TASK REQUIREMENTS » Copy out every line of the data exactly; do not include the images.
** Opening AVAILABLE DATA block **
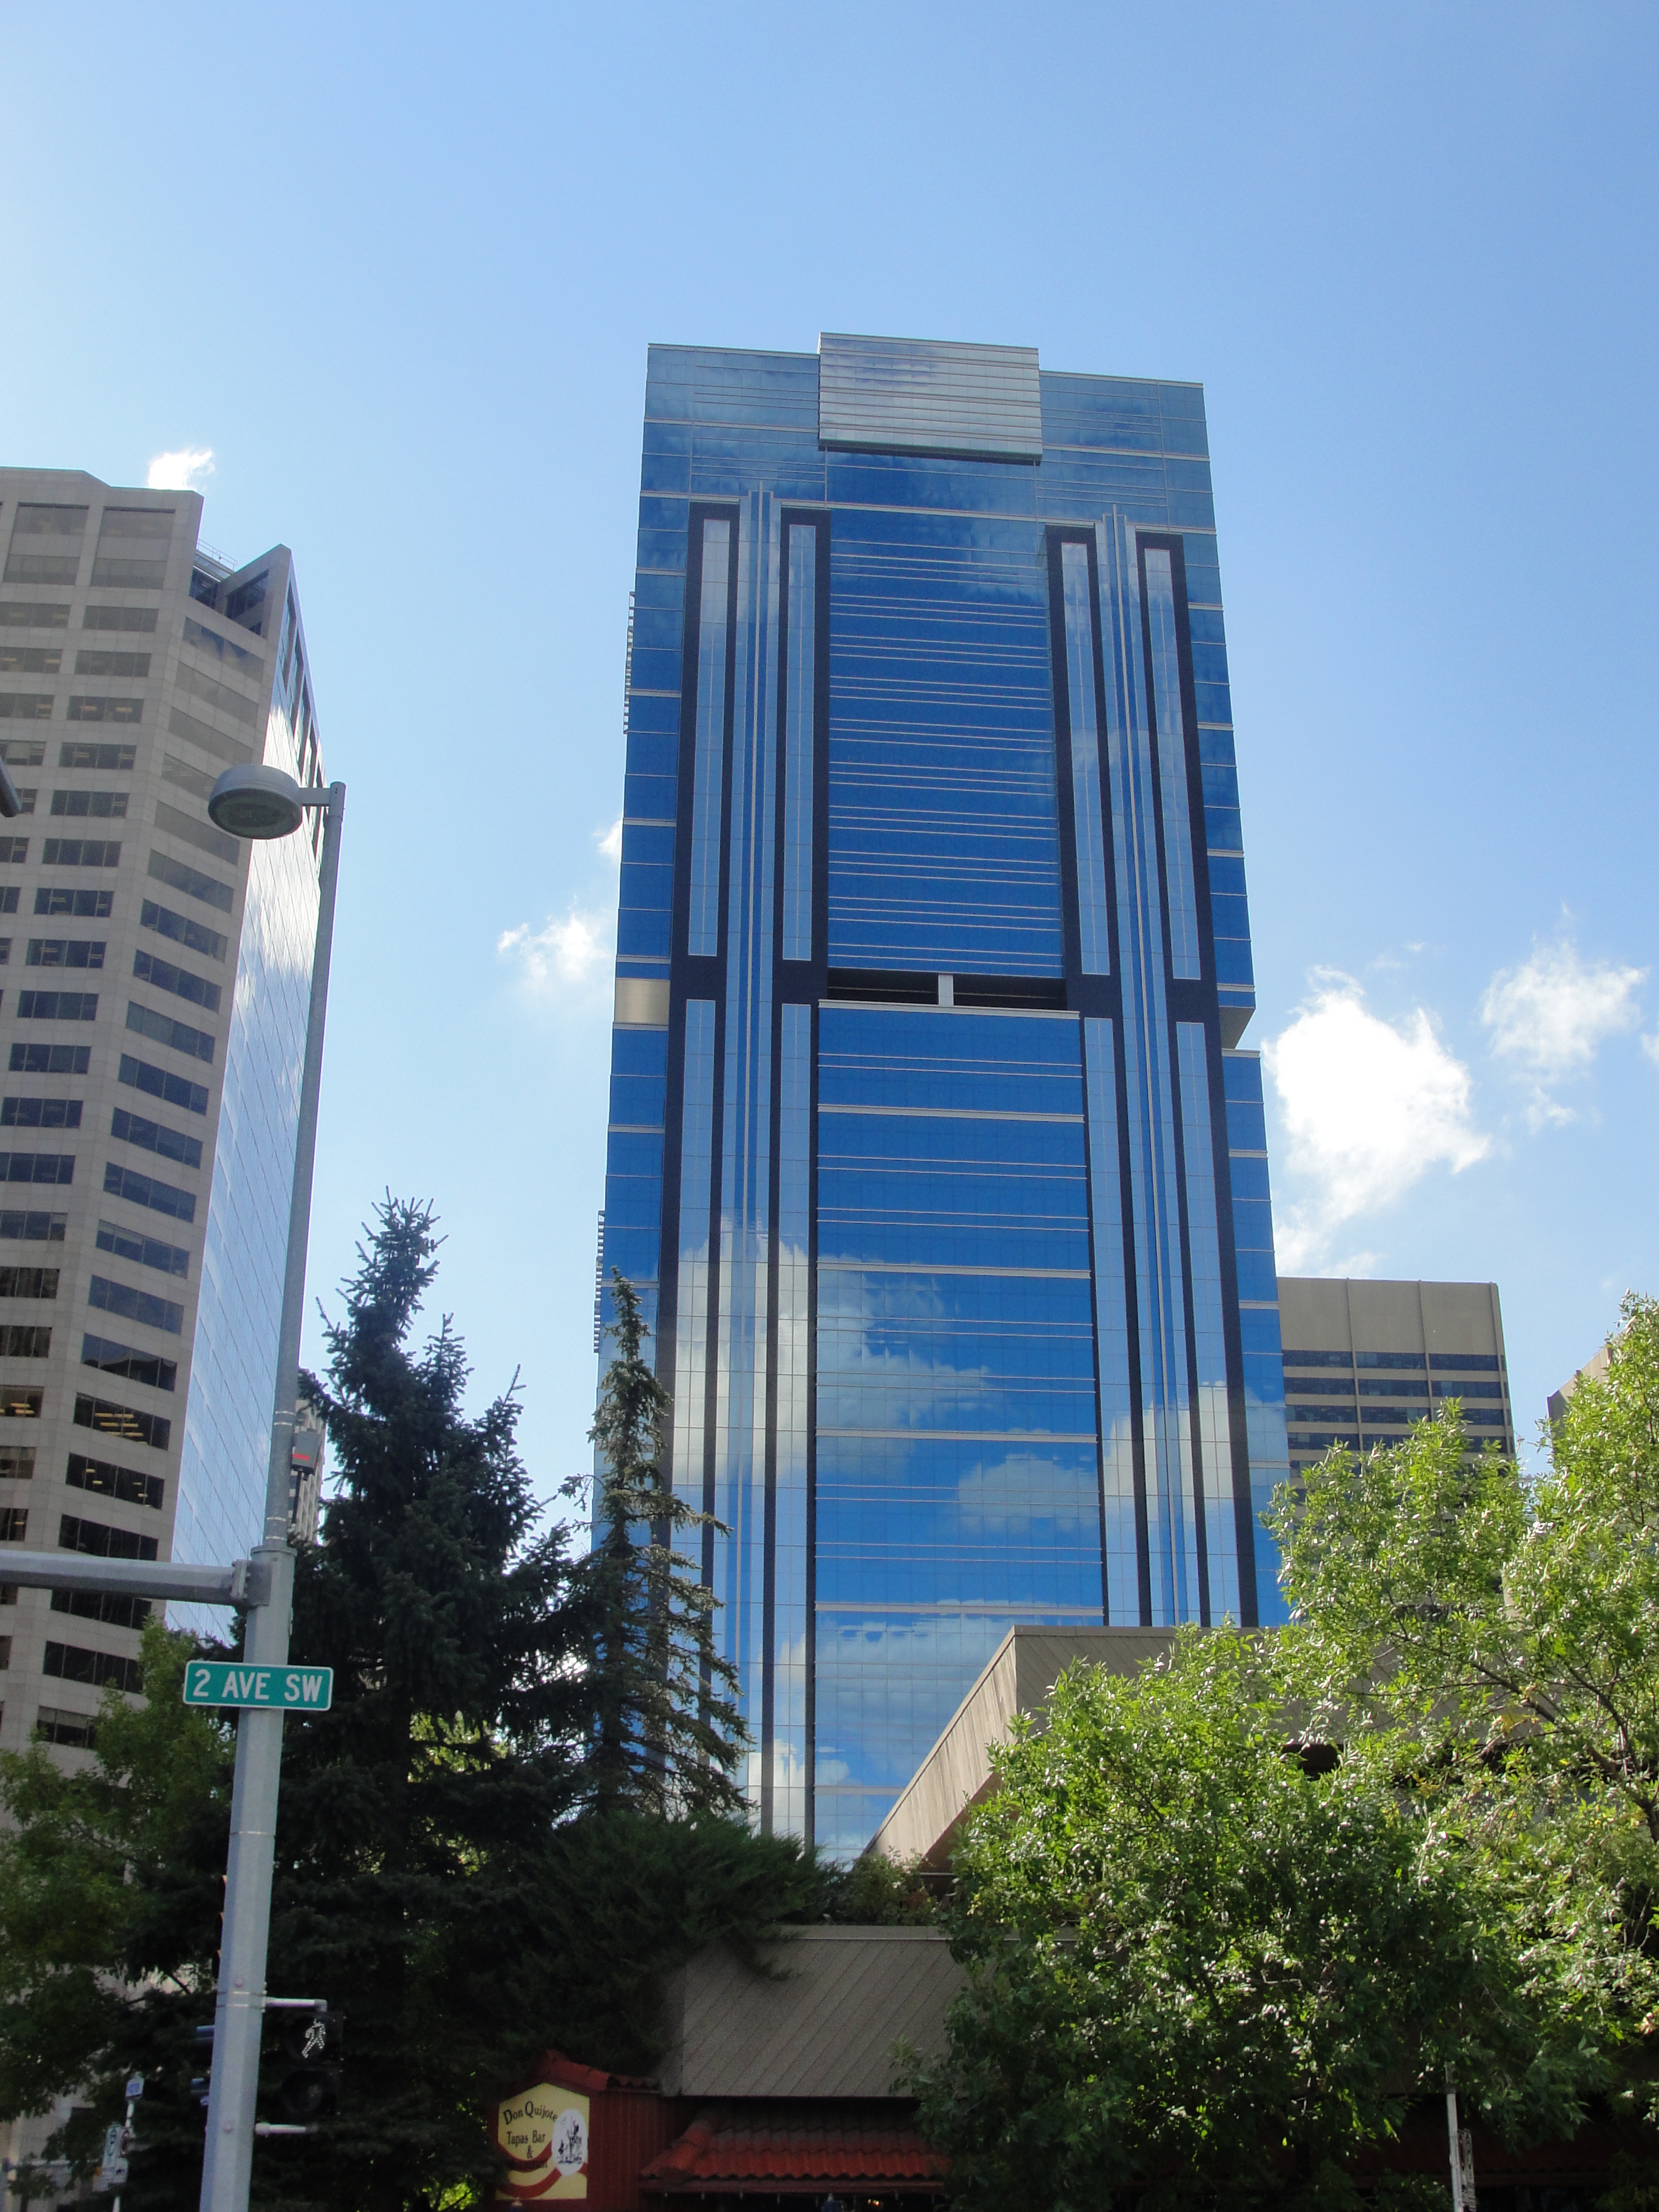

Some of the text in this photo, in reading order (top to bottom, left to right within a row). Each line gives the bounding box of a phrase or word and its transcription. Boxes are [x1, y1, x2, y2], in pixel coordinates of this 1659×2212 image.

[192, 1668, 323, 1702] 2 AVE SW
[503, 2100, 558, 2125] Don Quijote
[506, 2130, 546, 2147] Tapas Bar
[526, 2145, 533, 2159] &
** Closing AVAILABLE DATA block **
SOLUTION FOR THIS TASK »
Some of the text in this photo, in reading order (top to bottom, left to right within a row). Each line gives the bounding box of a phrase or word and its transcription. Boxes are [x1, y1, x2, y2], in pixel coordinates of this 1659×2212 image.

[192, 1668, 323, 1702] 2 AVE SW
[503, 2100, 558, 2125] Don Quijote
[506, 2130, 546, 2147] Tapas Bar
[526, 2145, 533, 2159] &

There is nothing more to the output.